Given data:
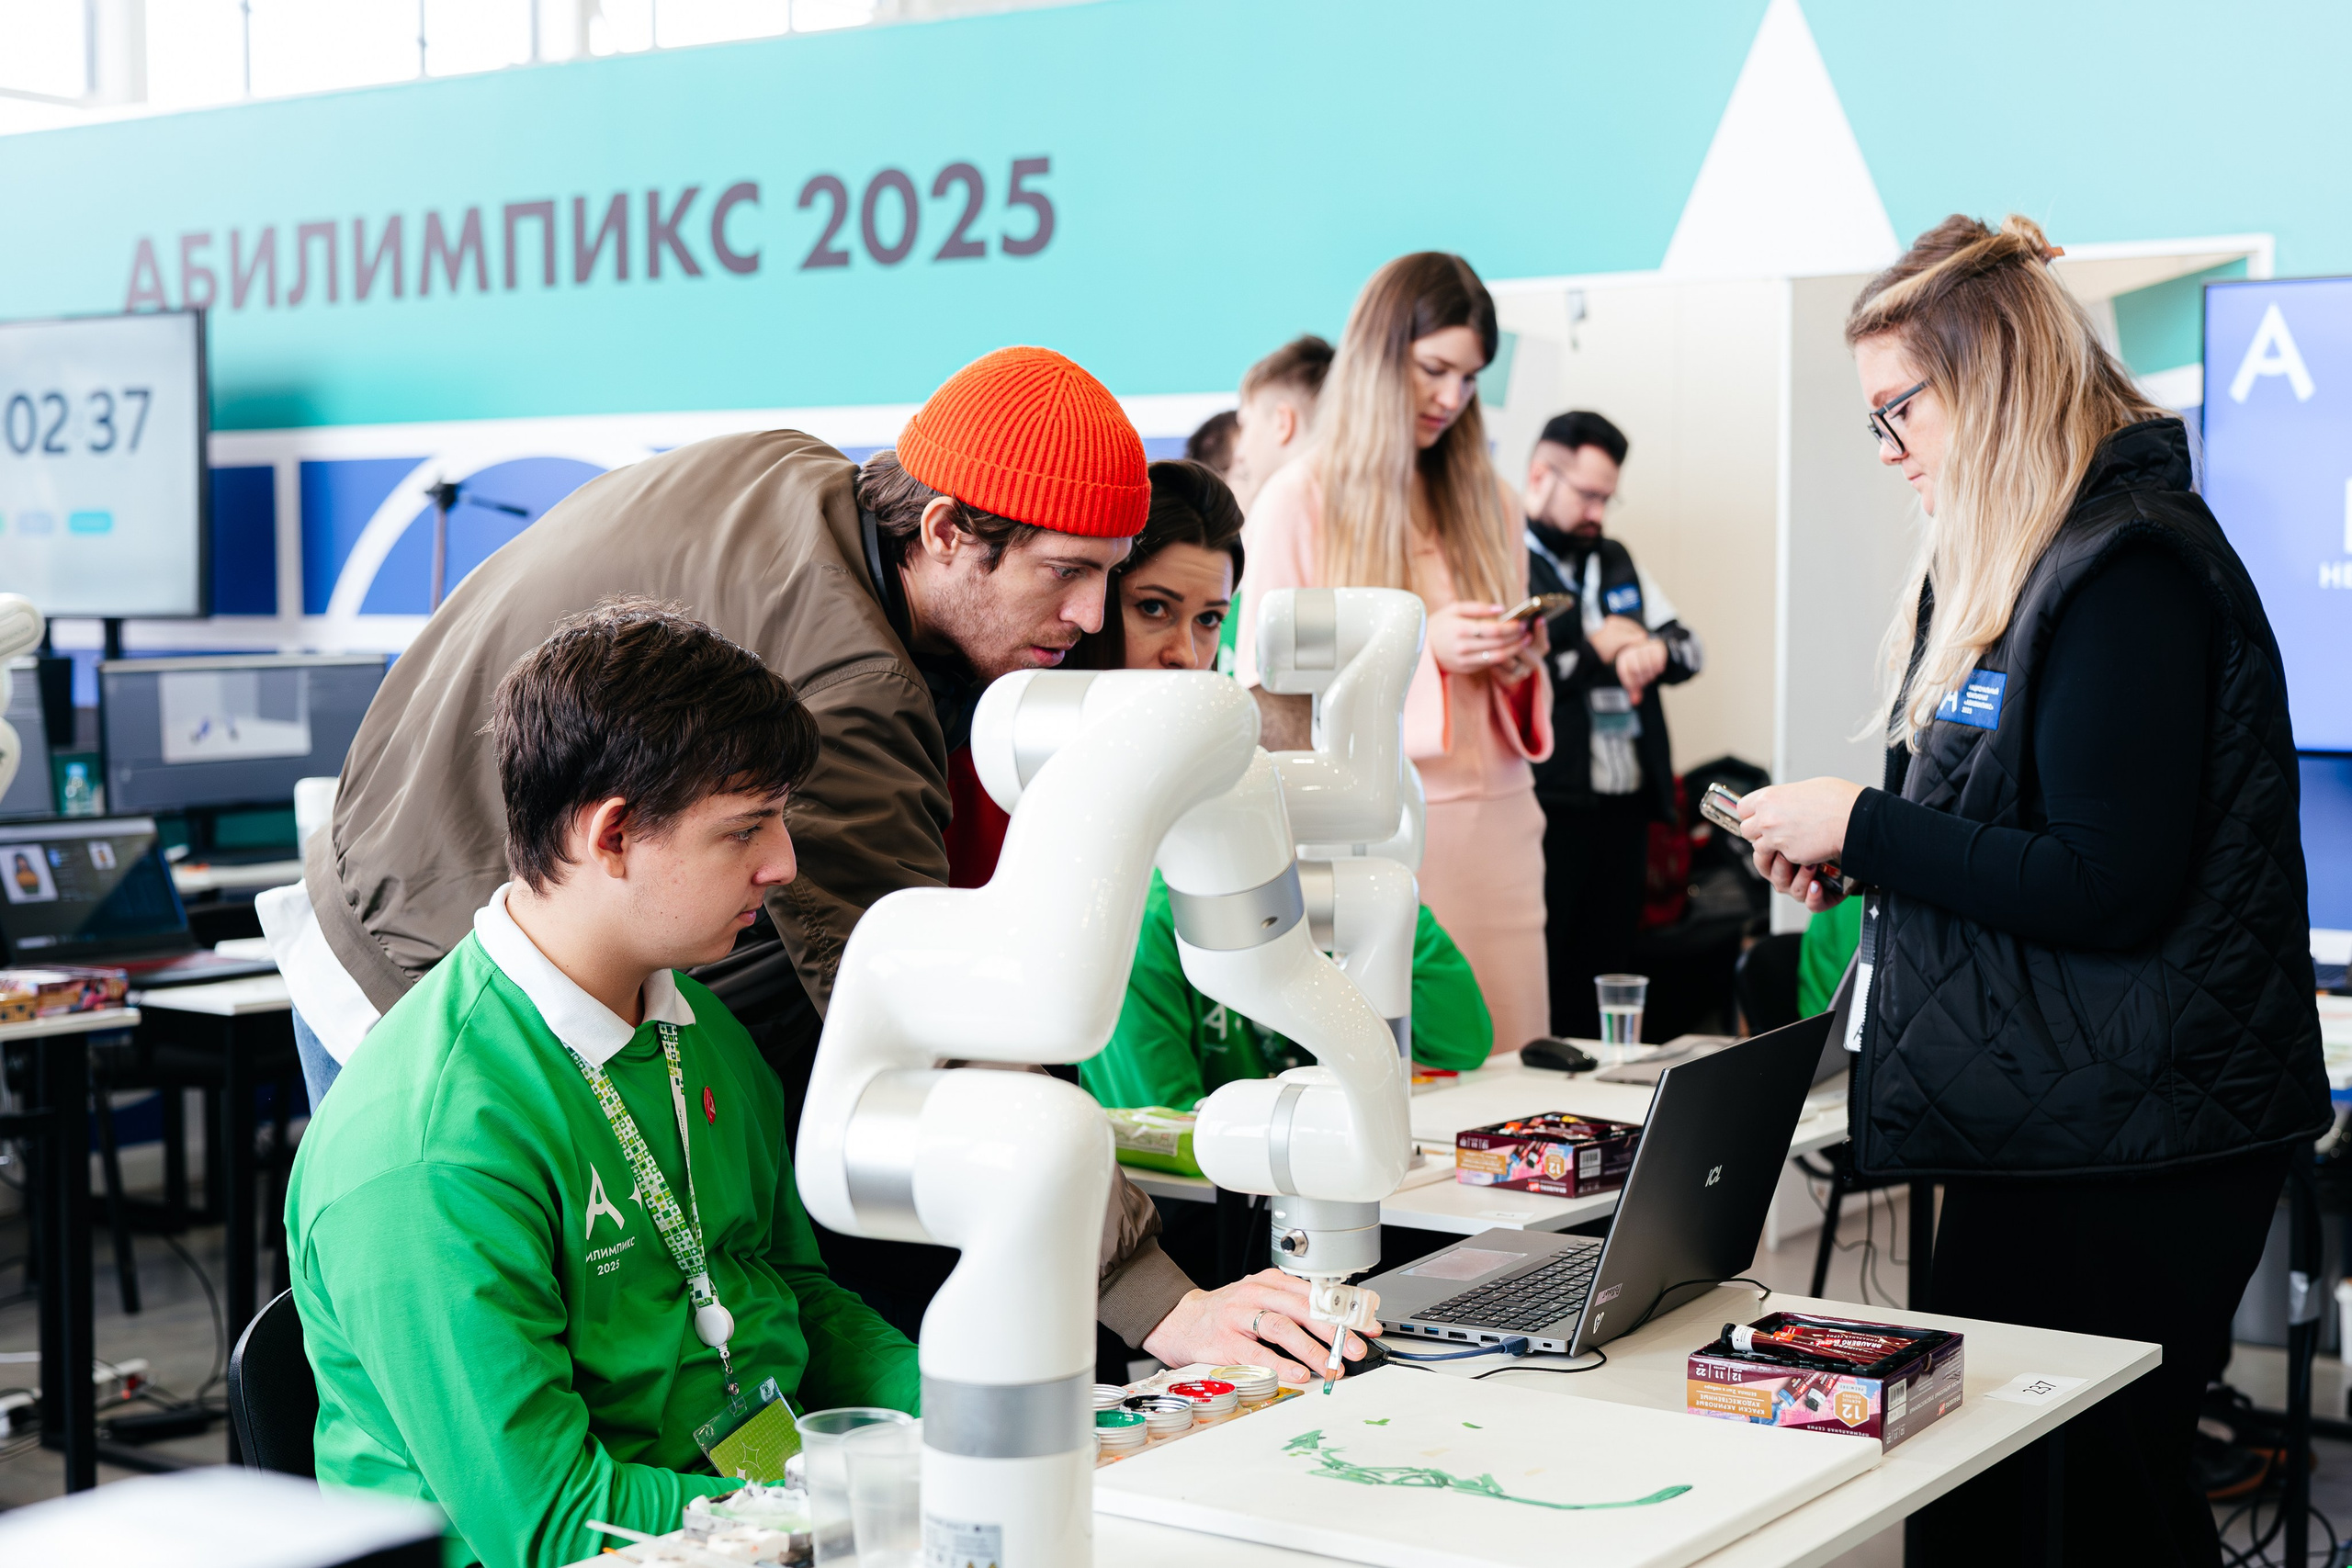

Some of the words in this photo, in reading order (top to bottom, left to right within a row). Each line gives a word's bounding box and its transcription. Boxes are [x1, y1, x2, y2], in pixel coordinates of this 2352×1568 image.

[124, 180, 761, 311] АБИЛИМПИКС
[797, 156, 1056, 271] 2025
[597, 1258, 620, 1276] 2025
[1841, 1339, 1883, 1349] BRAUBERG
[1696, 1367, 1706, 1376] 22
[1715, 1371, 1724, 1380] 11
[1732, 1372, 1742, 1382] 12
[1696, 1400, 1736, 1411] АКРИЛОВЫЕ
[1700, 1394, 1760, 1407] ХУДОЖЕСТВЕННЫЕ
[1738, 1406, 1765, 1416] КРАСКИ
[1842, 1404, 1861, 1420] 12

Task: Each entry is to be returned precisely as it appears, but the pictures are to be dropped.

Answer for the task:
Some of the words in this photo, in reading order (top to bottom, left to right within a row). Each line gives a word's bounding box and its transcription. Boxes are [x1, y1, x2, y2], in pixel coordinates of this 2352×1568 image.

[124, 180, 761, 311] АБИЛИМПИКС
[797, 156, 1056, 271] 2025
[597, 1258, 620, 1276] 2025
[1841, 1339, 1883, 1349] BRAUBERG
[1696, 1367, 1706, 1376] 22
[1715, 1371, 1724, 1380] 11
[1732, 1372, 1742, 1382] 12
[1696, 1400, 1736, 1411] АКРИЛОВЫЕ
[1700, 1394, 1760, 1407] ХУДОЖЕСТВЕННЫЕ
[1738, 1406, 1765, 1416] КРАСКИ
[1842, 1404, 1861, 1420] 12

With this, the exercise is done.